To the young company boss, it was clear that the market of the European Economic Community played a major role for his emerging and ambitious company. Since Denmark was not a member of the EEC, the company needed to find a location within the economic community, and In 1960 Jensen founded the first production company outside of Denmark in Wahlstedt in Northern Germany and relocated to Germany with his family. Technically adept and highly creative, he designed the “carousel” from his new home — a machine tool that would go on to play a major role on the route to mass production of circulator pumps.

Innovation-driven and Strong Know-how

Grundfos places great value on its ability to keep delivering innovations, something that is also reflected in the guiding principles of the company: “Be — Think — Innovate.” Its knack of continuously finding new production routes and refining the available materials are two of the key characteristics of the company. By taking full advantage of the opportunities and limits of technology and exploiting new attitudes and new approaches, manufacturing techniques and technology have been developed over the years that were subsequently also adopted by other manufacturers.

Alongside the decision to opt for stainless steel, a segment-based design is a key element of Grundfos pumps. The idea behind this is simple. Geometrically complex impellers and guide wheels are broken down into individual parts that can be accurately shaped, manufactured with the highest possible precision and then assembled. The advantages:

  • practical realization of the perfect geometry
  • use of corrosion-resistant, difficult to cast materials
  • extremely good dimensional accuracy and surface finish quality
  • larger flow area than cast materials

The segmented design also allows automated manufacturing to a great extent, with consistently high precision for all parts.

A History Lesson About Pumps From Grundfos

Who invented it? No, it wasn't Grundfos — but it was the company’s engineers who took the advantages of multi-stage pumps and carefully translated them into various new designs. Multi-stage rotary pumps (featuring multiple impellers arranged in a row on a joint shaft) can be designed to be compact and consist largely of standardized, cylindrical workpieces. From August 1952, Grundfos started manufacturing the first multi-stage rotary pump CP3, which in turn provided the basis for mass production, thereby helping shape the DNA of the Danish company.

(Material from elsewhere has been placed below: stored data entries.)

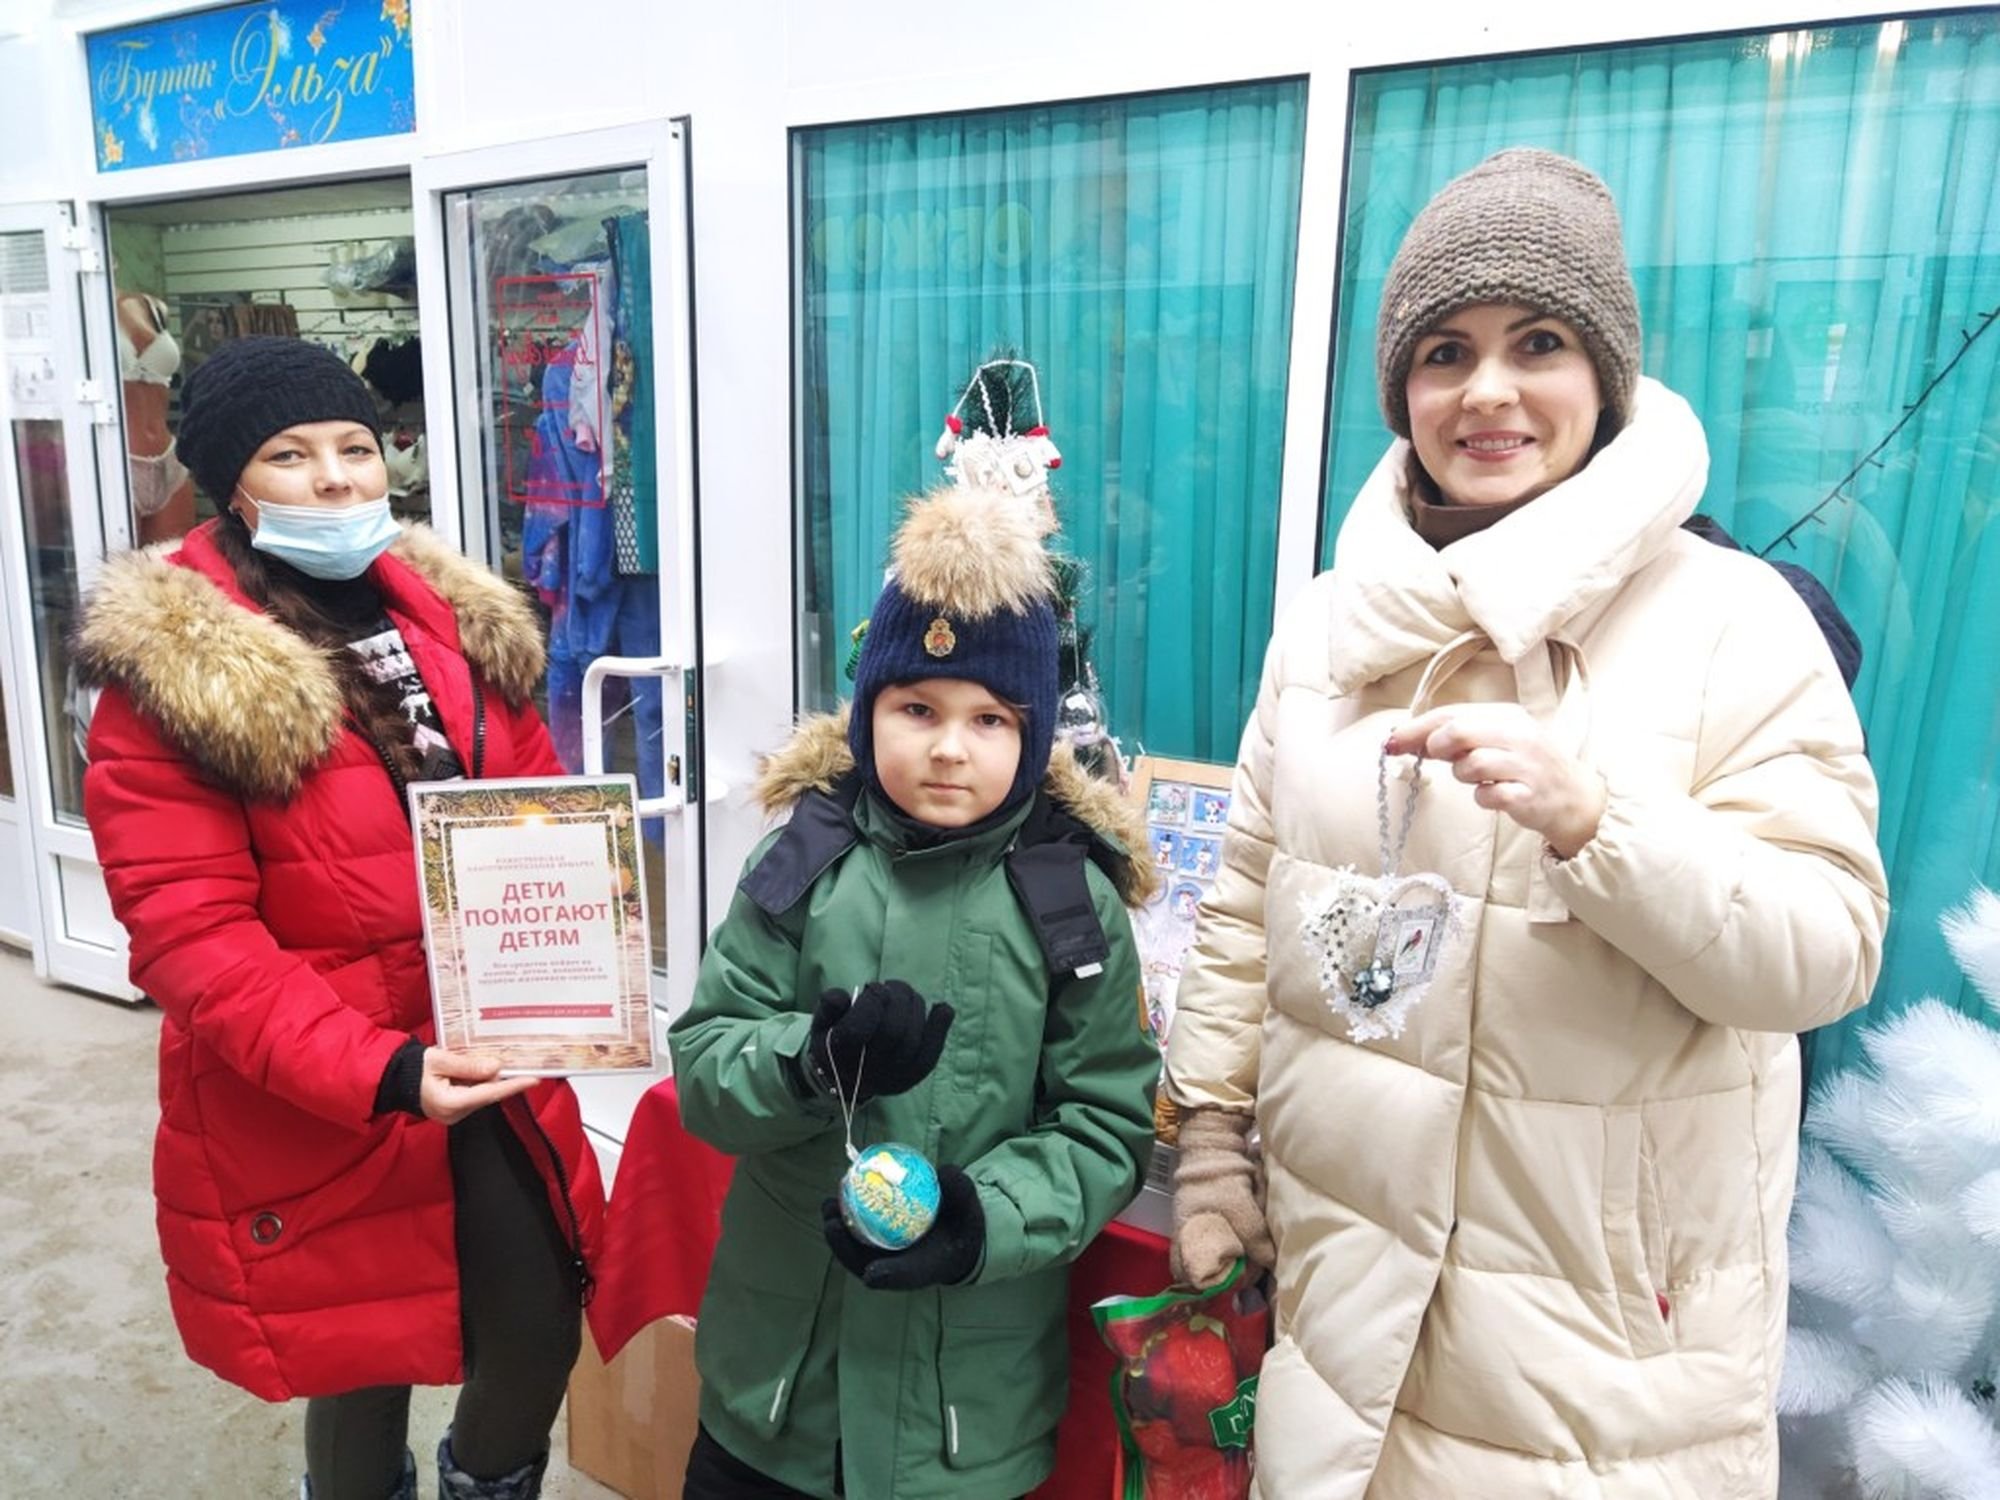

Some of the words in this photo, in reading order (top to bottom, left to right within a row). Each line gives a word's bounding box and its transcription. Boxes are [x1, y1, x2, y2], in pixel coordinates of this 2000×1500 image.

[99, 40, 217, 107] Бутик
[502, 881, 565, 904] ДЕТИ
[464, 904, 608, 926] ПОМОГАЮТ
[499, 929, 580, 952] ДЕТЯМ
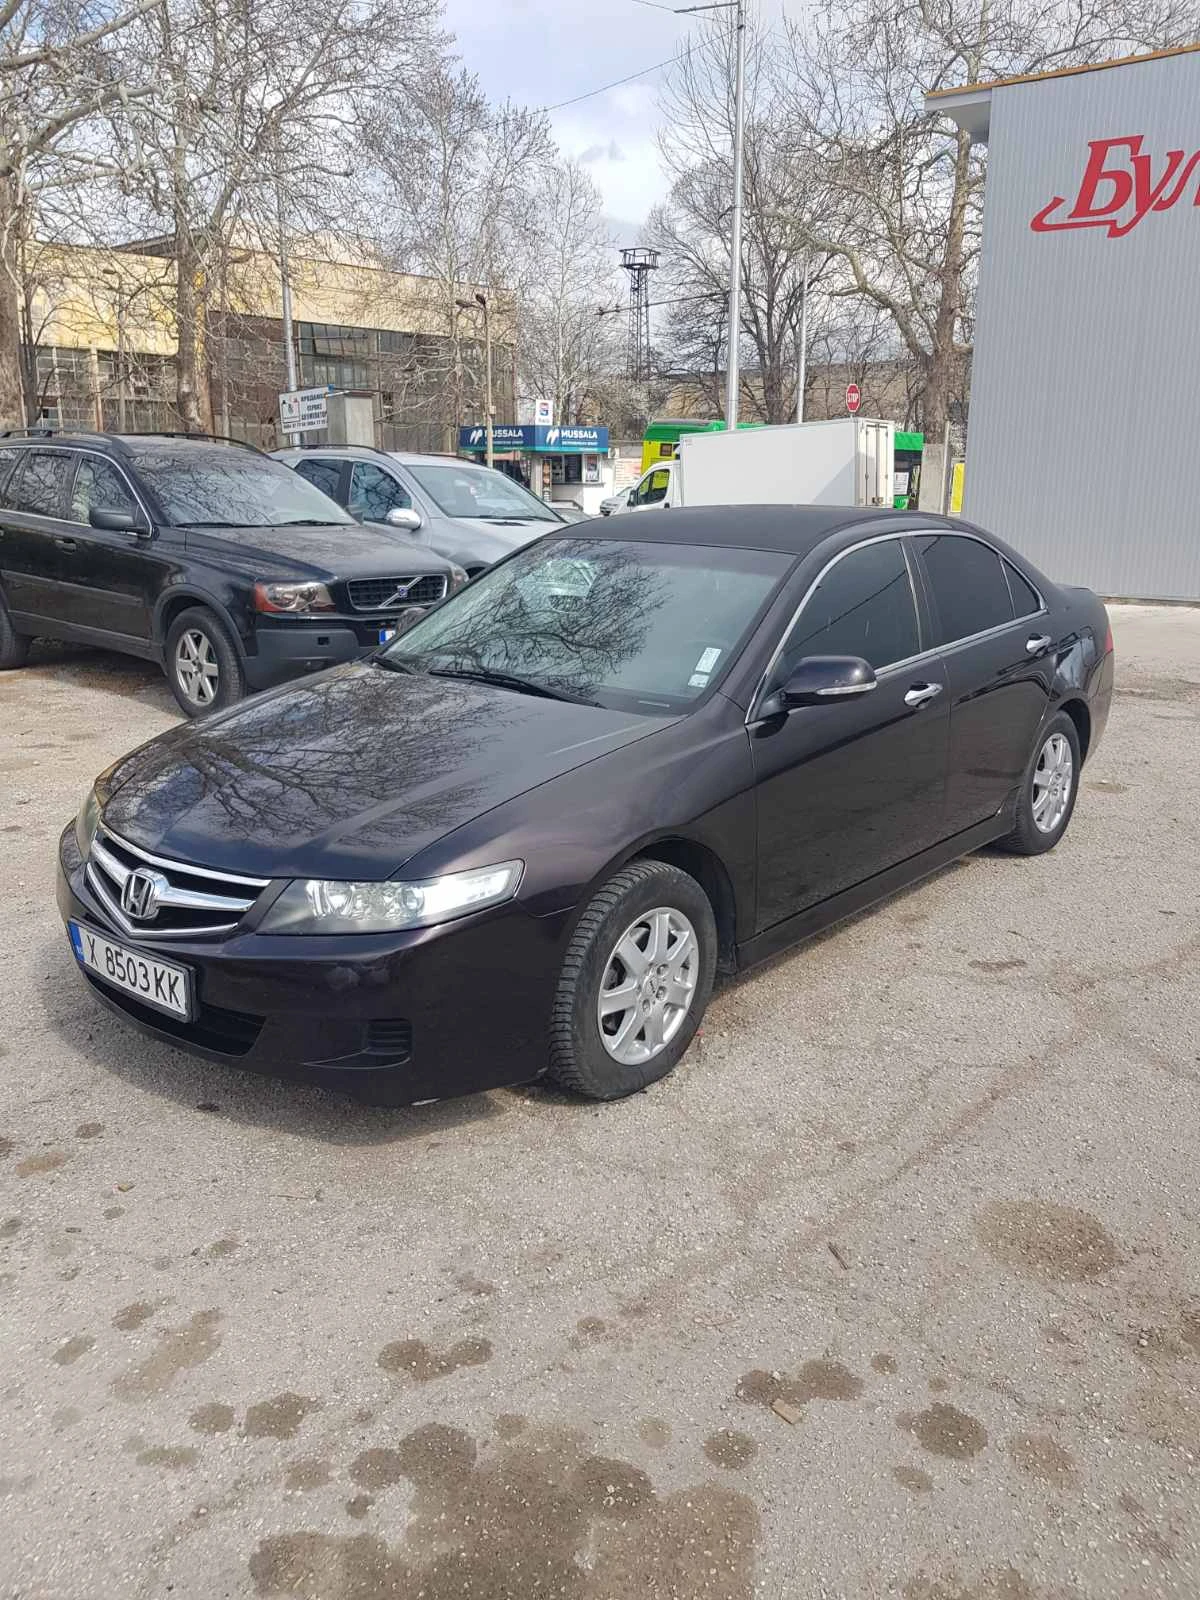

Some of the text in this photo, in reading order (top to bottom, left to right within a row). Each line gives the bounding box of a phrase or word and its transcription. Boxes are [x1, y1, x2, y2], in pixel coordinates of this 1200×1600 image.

One year later Grundfos presented the BP borehole pump. The smaller impeller diameters are compensated for by having the impellers arranged tightly one above the other so that the required discharge head and flow rate is achieved. This was followed in 1965 by the SP series of streamlined submerged rotary pumps made of chrome-nickel steel 1.4301. The pumps are also available in stainless steel versions for aggressive media like seawater and contaminated fluids. The octagonal bearings are water-lubricated, leaving grains of sand with no opportunity to get stuck as they are simply flushed out. A suction strainer on the infeed side prevents solids from entering the pump. The risk of water hammers is minimized by a fast-closing check valve.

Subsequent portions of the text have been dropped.